*** Opening Source records ***
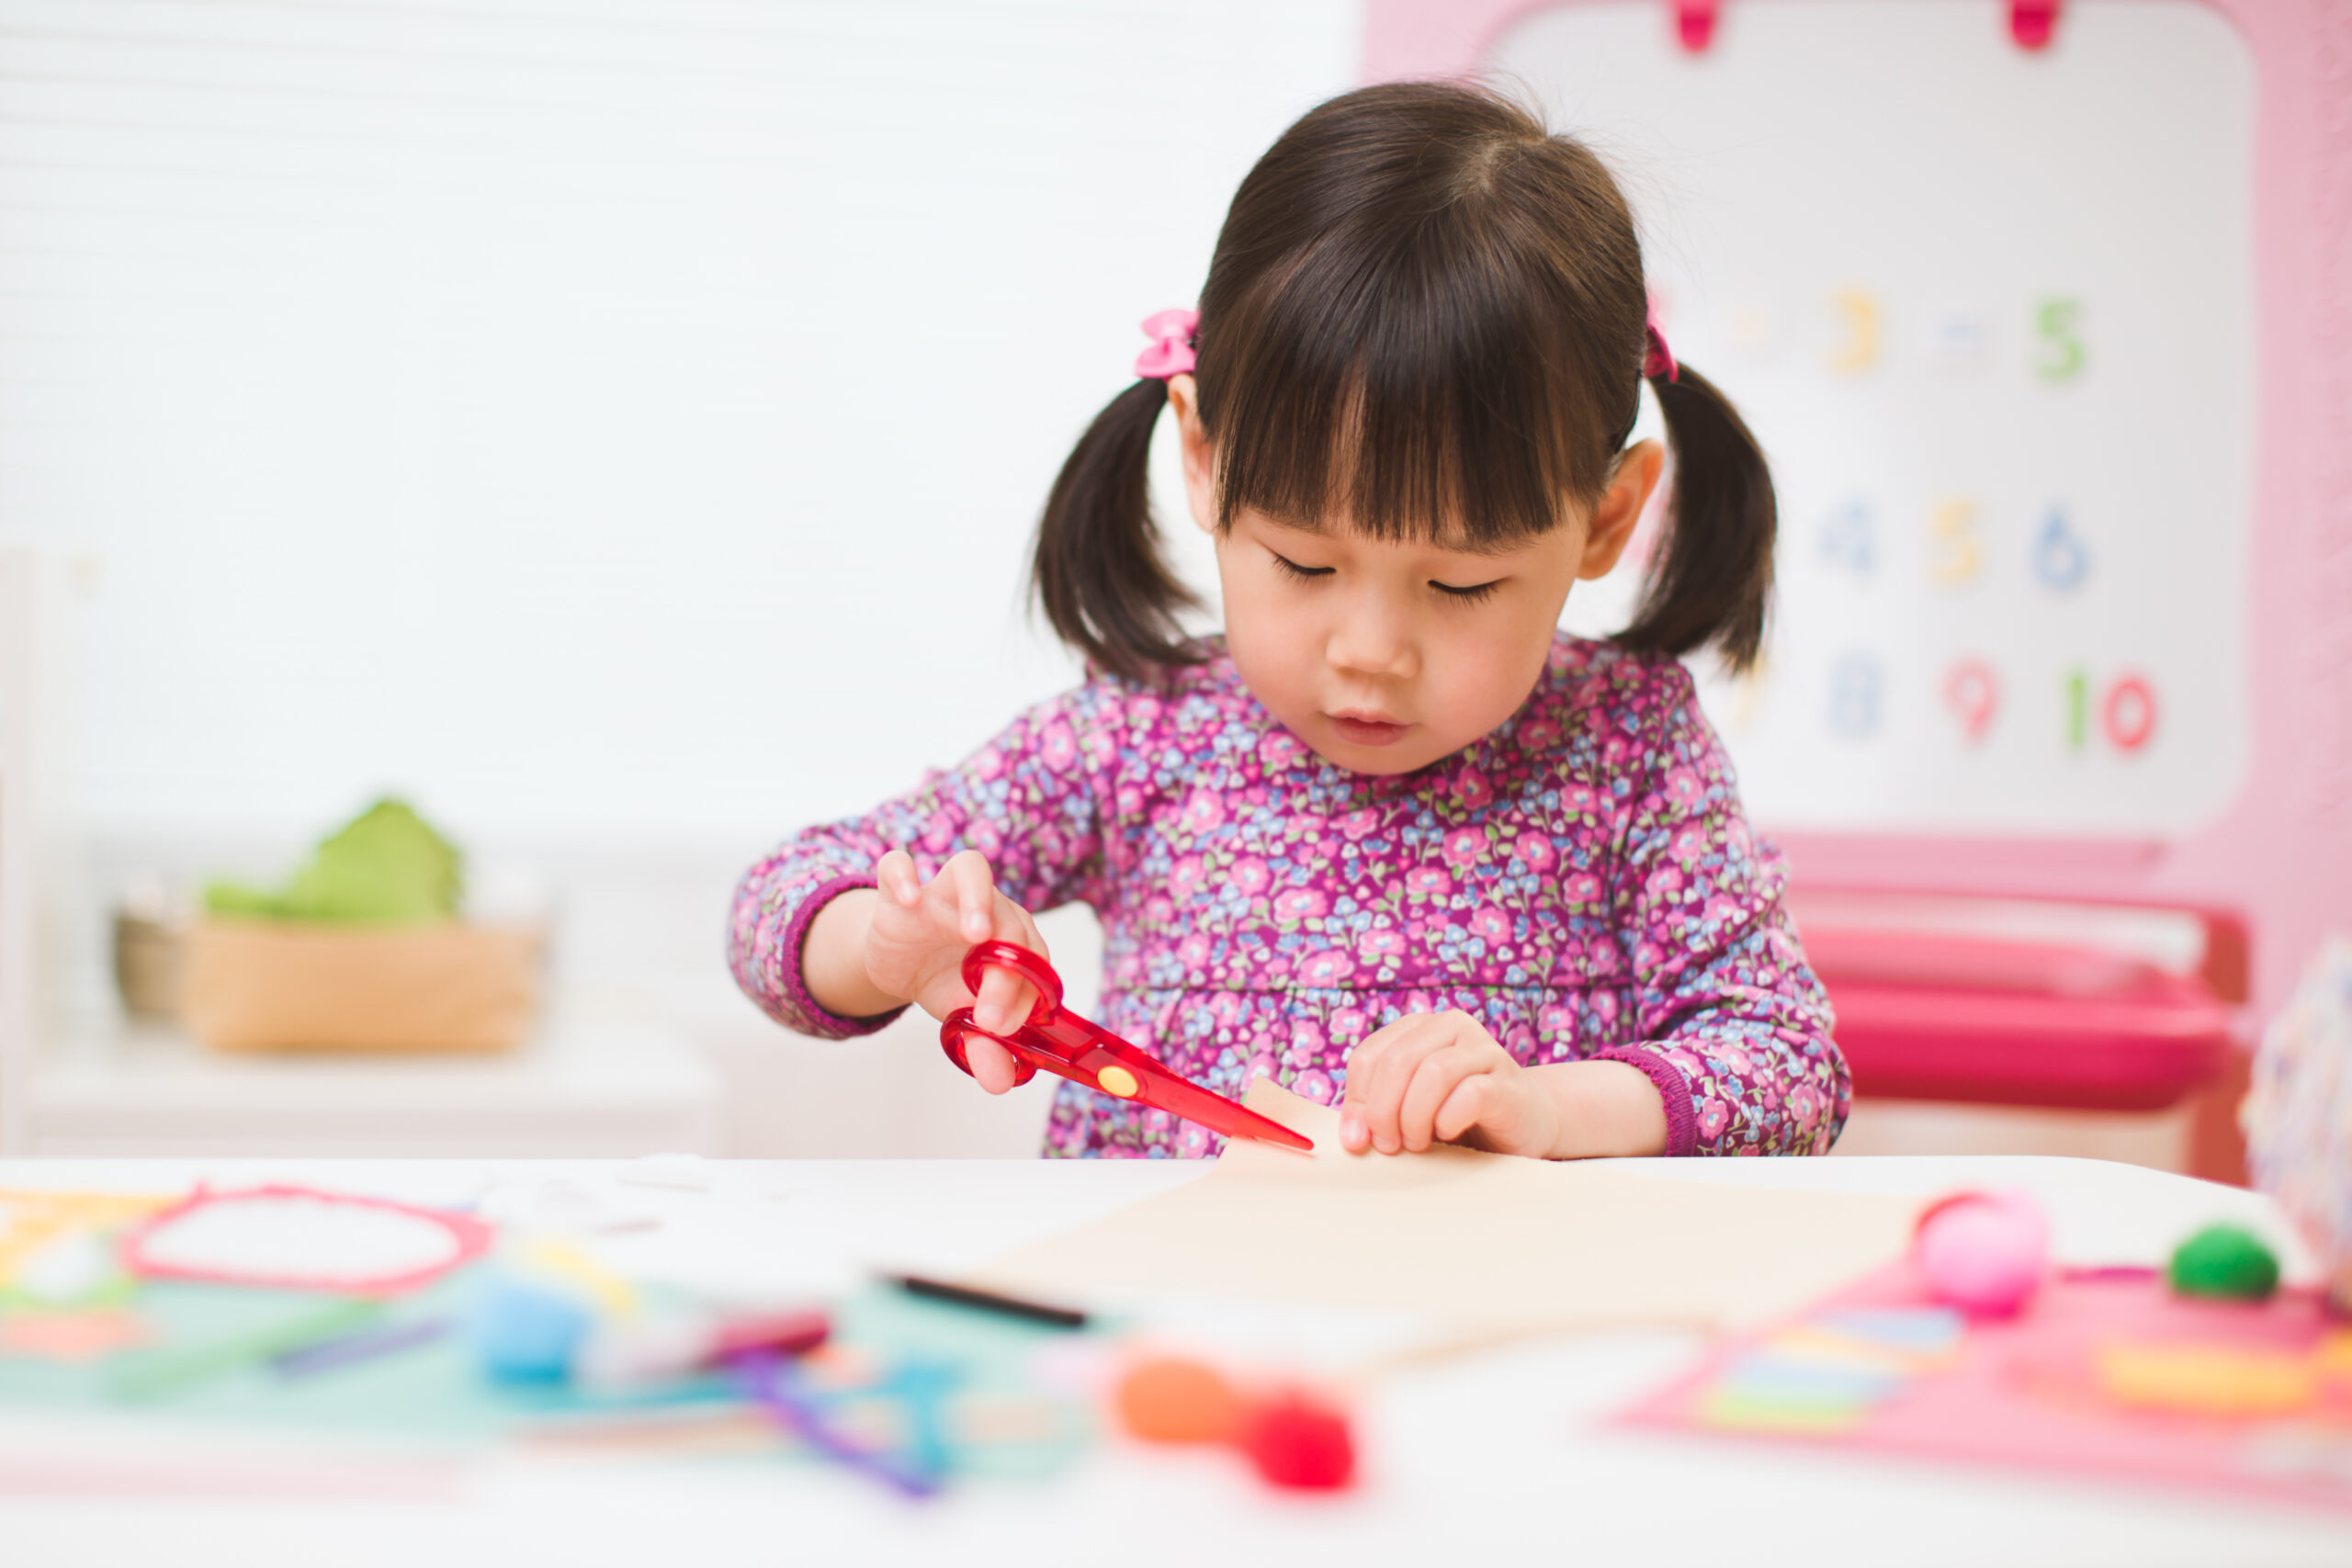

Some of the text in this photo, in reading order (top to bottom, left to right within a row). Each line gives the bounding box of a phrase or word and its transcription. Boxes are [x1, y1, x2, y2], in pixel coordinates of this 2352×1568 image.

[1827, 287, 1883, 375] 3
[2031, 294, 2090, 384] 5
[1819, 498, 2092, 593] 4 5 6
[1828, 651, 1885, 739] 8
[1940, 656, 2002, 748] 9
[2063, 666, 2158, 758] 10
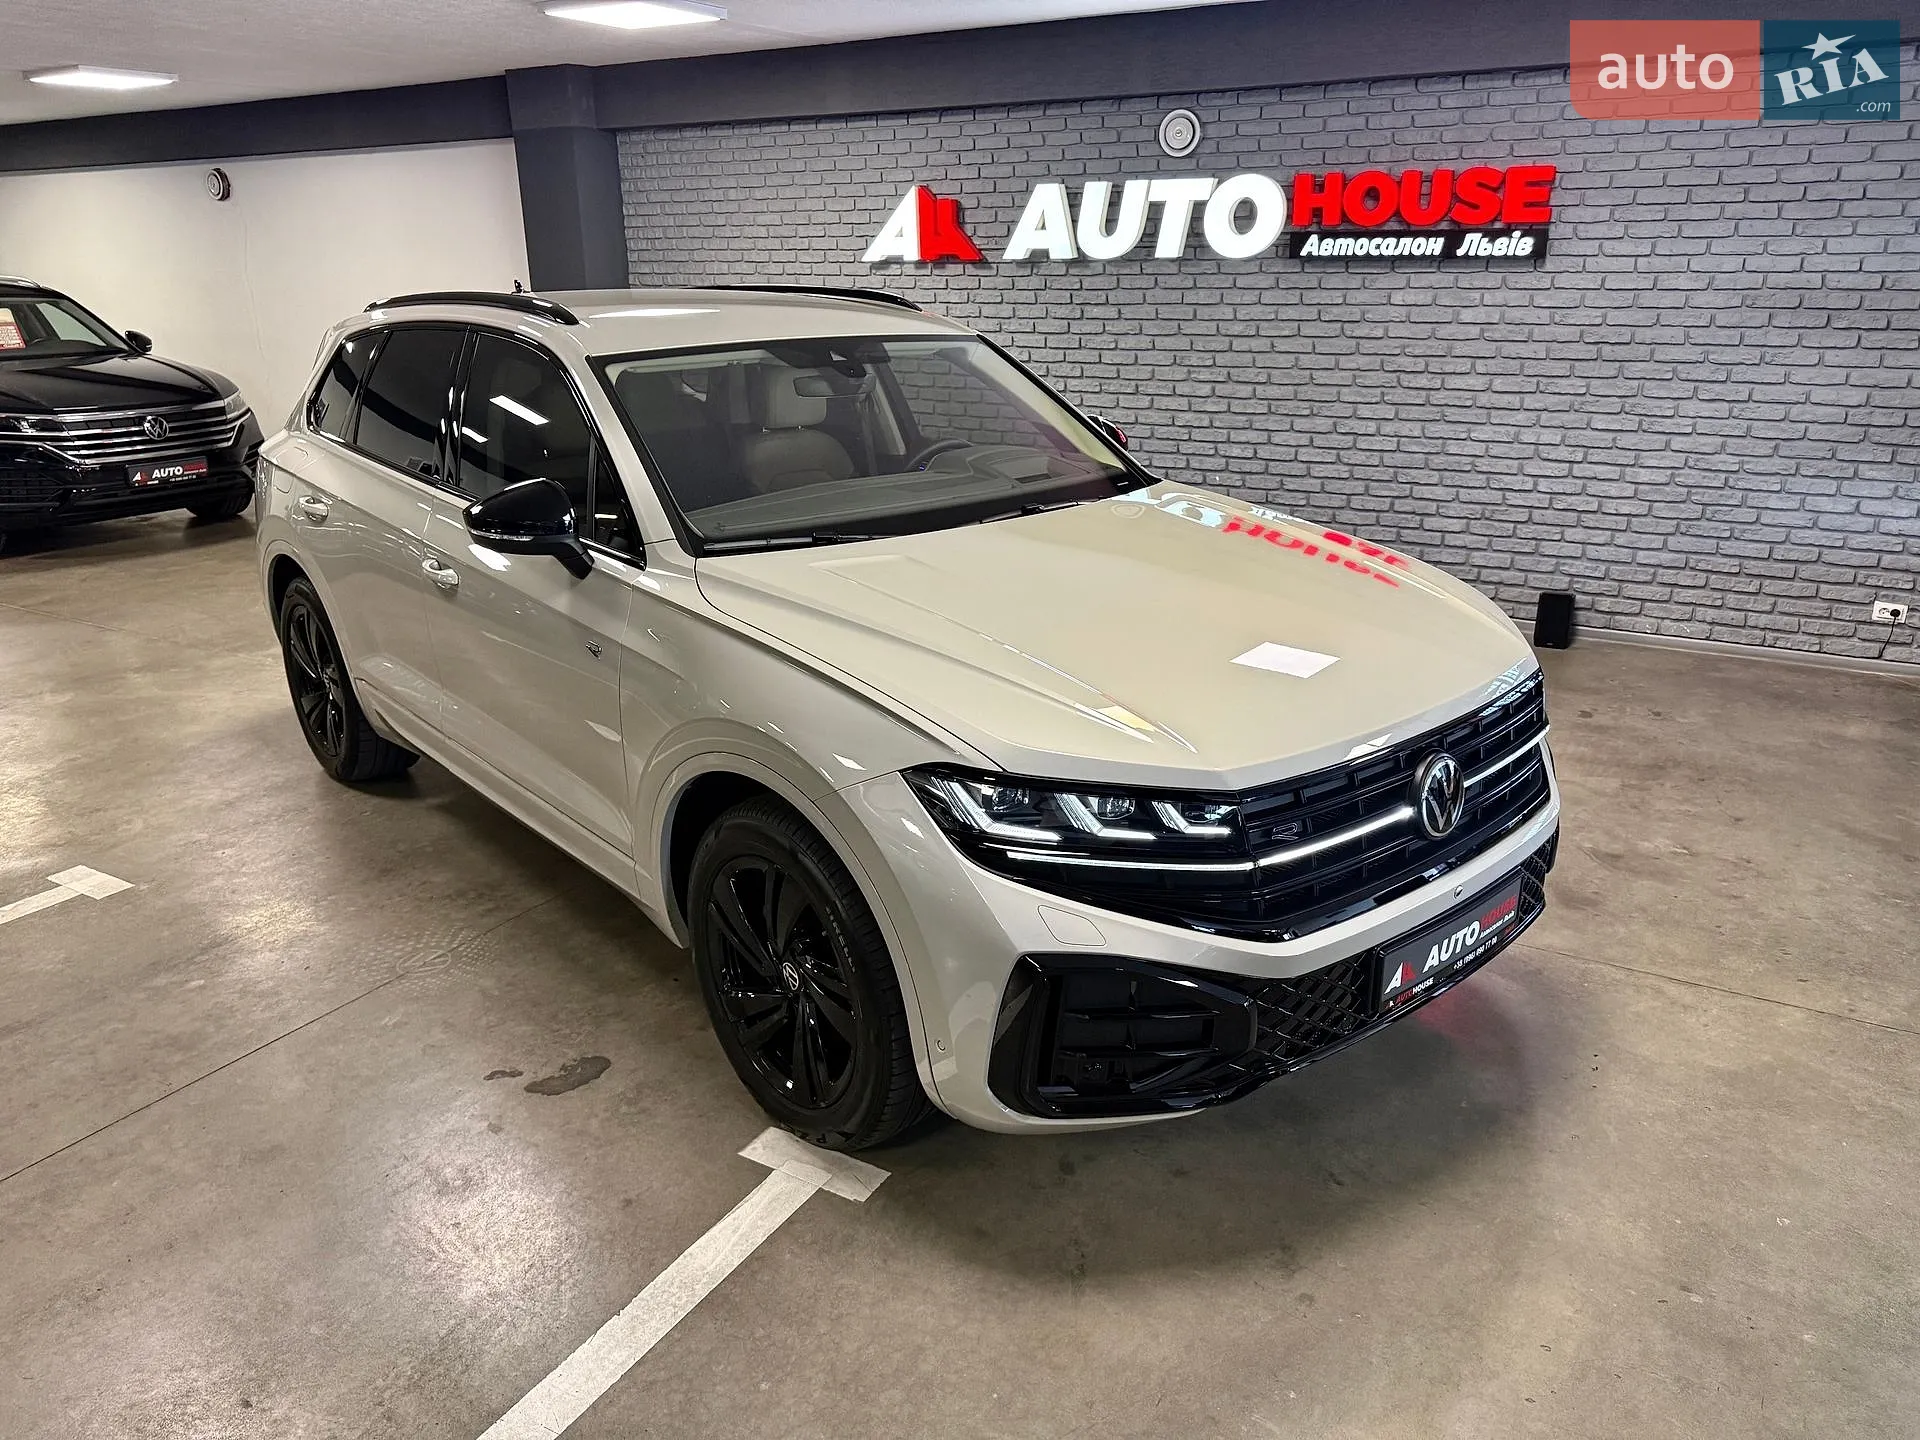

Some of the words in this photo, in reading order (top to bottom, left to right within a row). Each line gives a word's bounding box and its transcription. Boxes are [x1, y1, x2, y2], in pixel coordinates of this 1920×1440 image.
*** Closing Source records ***
• **Work item**
Set each line of the records down exactly, leaving every picture out.

• **Answer area**
Some of the text in this photo, in reading order (top to bottom, left to right within a row). Each line gives the bounding box of a phrase or word and its transcription. Boxes are [x1, y1, x2, y2], in pixel coordinates of this 2352×1568 image.

[1827, 287, 1883, 375] 3
[2031, 294, 2090, 384] 5
[1819, 498, 2092, 593] 4 5 6
[1828, 651, 1885, 739] 8
[1940, 656, 2002, 748] 9
[2063, 666, 2158, 758] 10

Some of the words in this photo, in reading order (top to bottom, left to right within a row). Each line gives a word's bounding box and its transcription. Boxes are [x1, y1, x2, y2], in pixel coordinates of this 1920×1440 image.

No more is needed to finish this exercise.